Nel Credo noi professiamo anche la risurrezione della carne. Al riguardo molte sono le domande e non pochi i dubbi, soprattutto di fronte alla constatazione della corruzione e della decomposizione del corpo dopo la morte. E così tra la paura della corruzione nel sepolcro e la non convinta fede nella risurrezione si moltiplicano le differenti motivazioni che spingono molte persone a disporre la cremazione del proprio corpo dopo la morte. Perciò è bene fare qualche precisazione.
Il termine biblico carne, ci ricorda il catechismo, caratterizza l’uomo nella sua debolezza e nella sua condizione mortale; tuttavia Dio non attribuisce alla carne umana un valore inferiore e lo dimostra il fatto che in Gesù Cristo egli assunse la carne per redimere l’uomo. E Dio non redime solo lo spirito dell’uomo, ma lo redime nella sua completezza di corpo e anima (YC 153).
Con la morte anima e corpo vengono separati. Il corpo si deteriora, mentre l’anima va incontro a Dio ed attende di recuperare il suo corpo una volta risorto nell’ultimo giorno (YC 154). Un passaggio a noi ignoto ma possiamo tentare di comprenderlo riferendoci ad una immagine: in quale splendido fiore si trasformerà, nel buio della terra, un semplice bulbo di un tulipano? Per capire meglio quanto abbiamo già detto, ti invito, caro/a amico/a che segui questa rubrica, a leggere integralmente il capitolo 15 della prima lettera dell’apostolo Paolo ai Corinzi: è la catechesi più completa sul tema della risurrezione della carne. Proprio perché ci troviamo dinanzi ad un mistero della fede, che accettiamo a partire da quanto la parola di Dio ci insegna, è importante sapere che la fede non può escludere la possibilità da parte di Dio di chiamare ogni credente in lui alla vita di comunione con lui e in lui.
La fede dei santi ci aiuta ad andare oltre le perplessità immediatamente inaccettabili alla nostra mente. Perciò caro amico, ti affido alcune affermazioni sulle quali potrai continuare a pregare o a cercare risposte. Io voglio vedere Dio, diceva santa Teresa d’Avila (1515-1582), e per vederlo devo morire; e la giovane mistica santa Teresina di Lisieux (1873-1897) affermava con gioia: “Non muoio, passo alla vita”.

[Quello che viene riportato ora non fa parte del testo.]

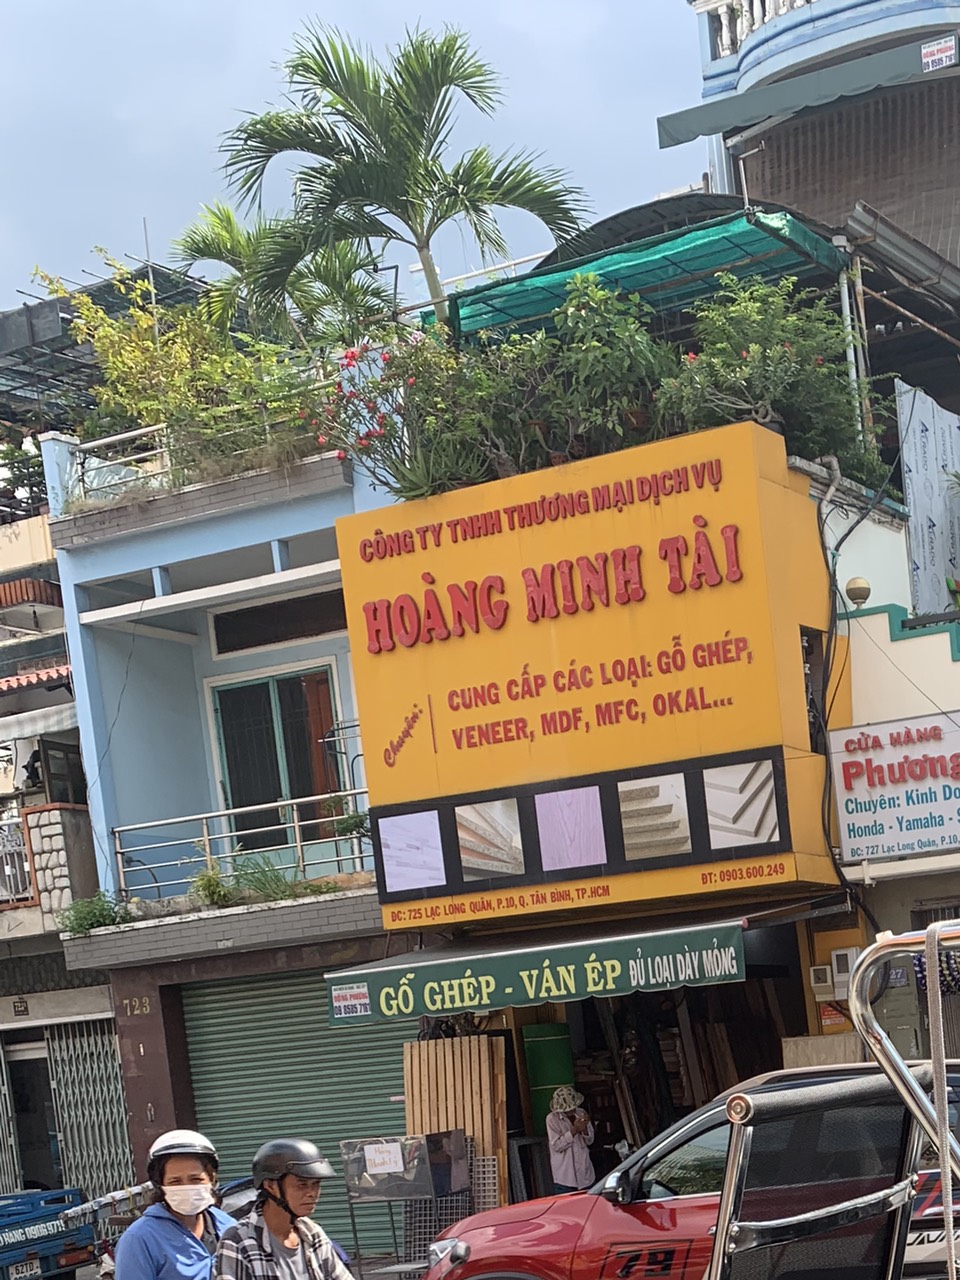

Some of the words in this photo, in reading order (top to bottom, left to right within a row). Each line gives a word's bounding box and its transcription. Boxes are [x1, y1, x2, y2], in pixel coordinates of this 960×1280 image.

San Pietro ci pone davanti all’esperienza umana del tempo e dello spazio, che con la morte non esistono più. “Carissimi, non dimenticate mai che davanti al Signore un solo giorno è come mille anni e mille anni sono come un solo giorno” (2Pt 3,8). “Il tempo per cercare Dio è quello di questa vita; il momento di trovare Dio è quello della morte; il tempo di possedere Dio è l’eternità” scriveva San Francesco di Sales in uno dei tanti messaggi che lasciava sull’uscio delle case dei suoi fedeli, divenendo così il “patrono dei giornalisti”.
Nel riflettere sul momento ultimo della nostra esistenza è fondamentale convincersi della verità più importante di tutte perché è quella che può dare un valore alla nostra fede e alla nostra speranza: “Alla sera della vita saremo giudicati sull’amore” (san Giovanni della Croce, mistico spagnolo e dottore della chiesa, 1542-1591).